Sixteen starts. Three podiums. Two poles. Zero wins. That’s Meyer Shank Racing’s record at the Twelve Hours of Sebring, and it sits like a splinter in the team’s otherwise impressive resume. Sebring is the only marquee endurance race on the IMSA calendar that MSR has never conquered.
This Saturday the team rolls into Florida’s battered concrete airfield circuit with something to prove after a Daytona that went sideways in the worst possible ways. The Rolex 24 in January should have been a statement. The No. 93 Acura ARX-06 started from pole.
Then late-race chaos and shifting conditions shredded whatever advantage the team had built, leaving the two cars to crawl home fifth and ninth. Not exactly the season launch anyone in Pataskala, Ohio, had scripted.
Now the 74th running of Sebring becomes the reset button. Acura Meyer Shank Racing fields two electrified ARX-06 prototypes in the GTP class. The driver lineups read like a who’s who of open-wheel royalty moonlighting in sports cars.
The No. 60 carries full-season drivers Colin Braun and Tom Blomqvist, bolstered by six-time IndyCar champion Scott Dixon. The No. 93 pairs Renger van der Zande and Nick Yelloly with four-time IndyCar champion and reigning Indy 500 winner Alex Palou. Between the two endurance ringers, Dixon and Palou account for ten IndyCar titles.
Braun is the only driver across both entries who has actually won at Sebring, doing so three times. Dixon, for all his greatness, has never stood on the top step here in 13 starts. Van der Zande has seven Sebring podiums and nothing higher.
Palou has made exactly one start, finishing third with the 93 crew last year. The hunger is real and widespread.
The No. 93 car carries added significance this season. Honda Racing Corporation USA now handles strategy and race engineering directly, a manufacturer-first arrangement that began last year and represents HRC’s deeper fingerprints on the program. Whether HRC’s direct involvement can close the final gap from podium to victory is the quiet subplot of this entire campaign.
Acura’s broader Sebring history is strong.
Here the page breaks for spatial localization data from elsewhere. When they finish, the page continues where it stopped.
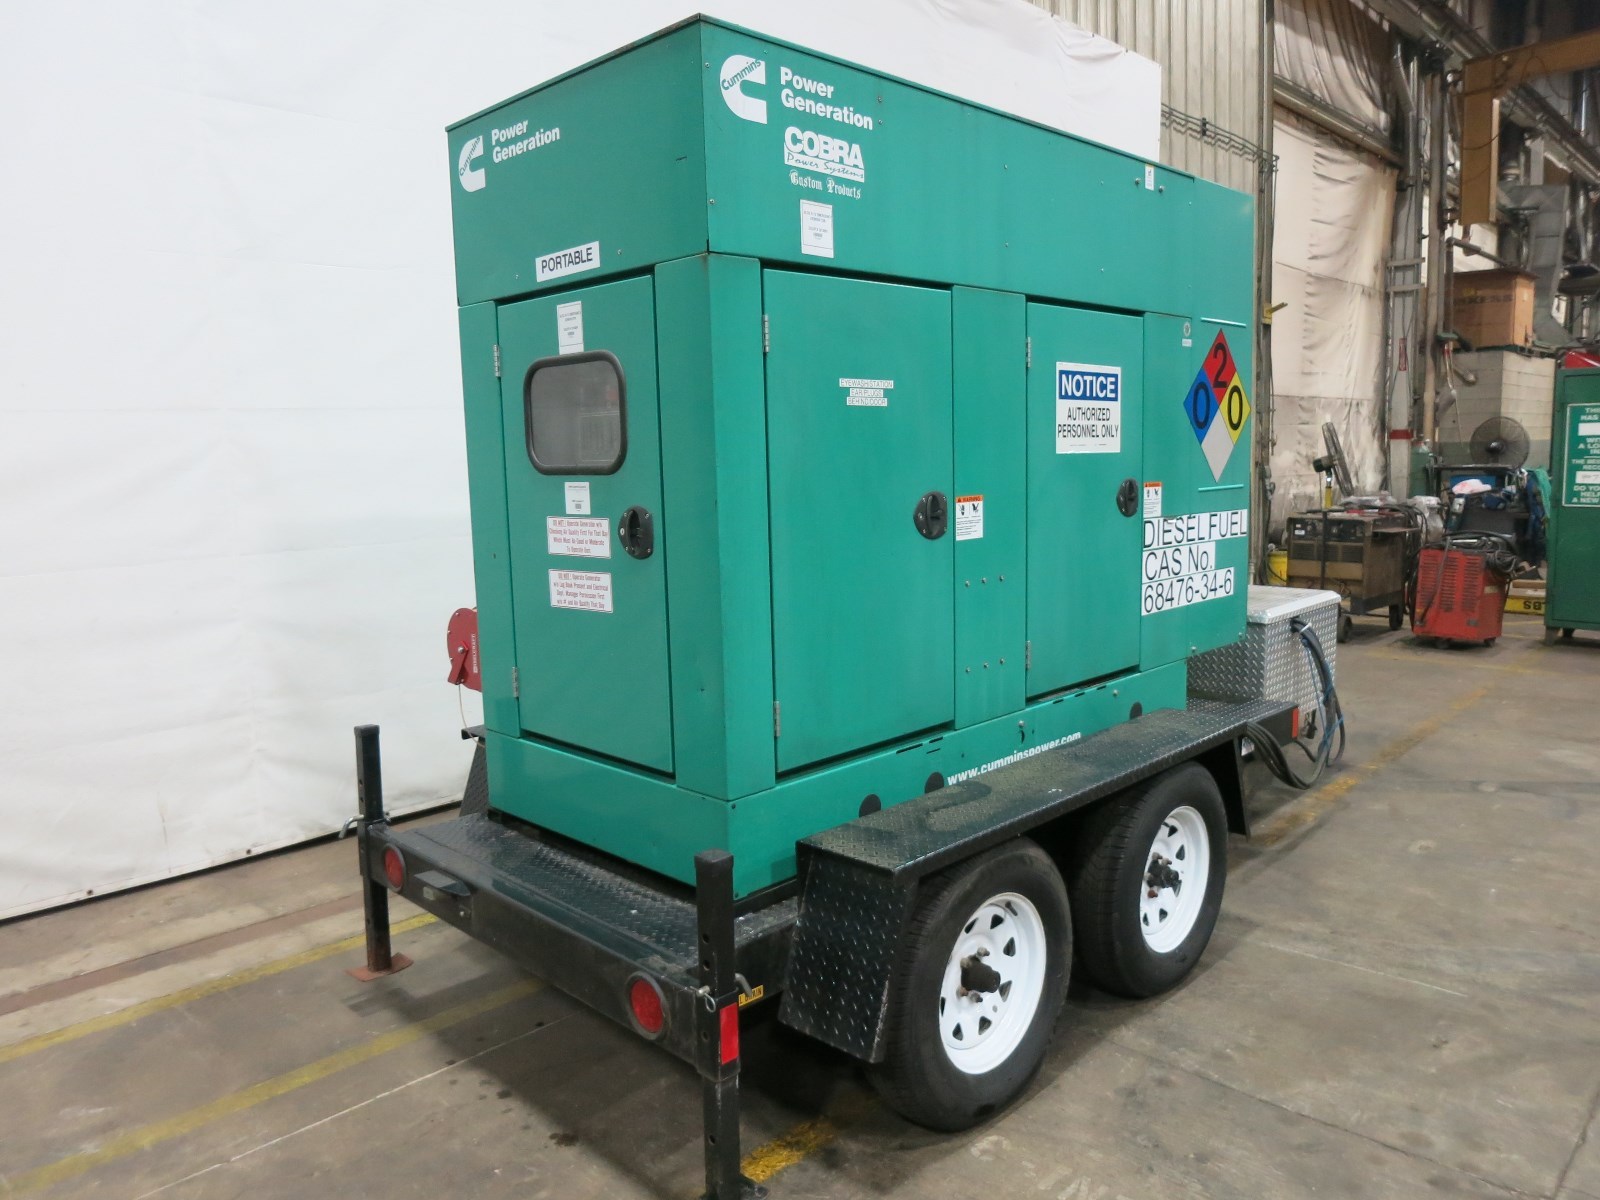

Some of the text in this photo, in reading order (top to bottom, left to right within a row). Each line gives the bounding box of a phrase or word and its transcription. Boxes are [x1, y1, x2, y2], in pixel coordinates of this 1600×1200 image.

[721, 59, 762, 90] Cummins
[780, 66, 834, 98] Power
[781, 88, 873, 130] Generation
[492, 120, 528, 146] Power
[492, 127, 560, 164] Generation
[785, 126, 864, 170] COBRA
[786, 152, 864, 178] Power Systems
[789, 169, 861, 200] Custom Products
[541, 247, 593, 274] PORTABLE
[1213, 342, 1228, 388] 2
[1061, 374, 1116, 398] NOTICE
[1067, 406, 1110, 422] AUTHORIZED
[1192, 382, 1244, 431] 0 0
[1058, 424, 1118, 438] PERSONNEL ONLY
[1144, 512, 1247, 548] DIESEL FUEL
[1144, 545, 1213, 580] CAS No.
[1144, 569, 1232, 613] 68476-34-6
[947, 731, 1081, 786] www.cumminspower.com
The brand won the GTP class here in 2024 with Jordan Taylor, Louis Deletraz, and Colton Herta. Combined with HPD and HRC US efforts, the manufacturer claims nine Sebring victories across various classes, including an overall win in 2016.
The machinery has proven it can win at this place. The specific team running it now has not.
Blomqvist didn’t sugarcoat the situation. He called Daytona “disappointing” and admitted Sebring has been “a bogey track” for the 60 car. Dixon was more direct: “Let’s win this thing.”
The 55-car field across four classes will hammer Sebring’s 3.74-mile, 17-turn layout for 12 hours, starting under Florida’s midday sun and finishing in darkness. The surface punishes cars and drivers unlike anything else on the calendar. Bumps that rattle fillings, concrete patches that eat tires, traffic that turns strategy into survival.
Peacock carries flag-to-flag coverage starting at 10:00 a.m. ET, with NBCSN picking up television broadcast from 5:00 p.m. through the checkered flag. International viewers can stream via IMSA’s YouTube channel.
The pieces are in place — the cars, the champions, the engineering support from the factory. What MSR doesn’t have is a Sebring trophy. For a team with this much firepower, seventeen starts without a win borders on inexplicable. Saturday night will tell us whether 2026 is the year that finally changes, or whether Sebring keeps its grip on the one team it refuses to let win.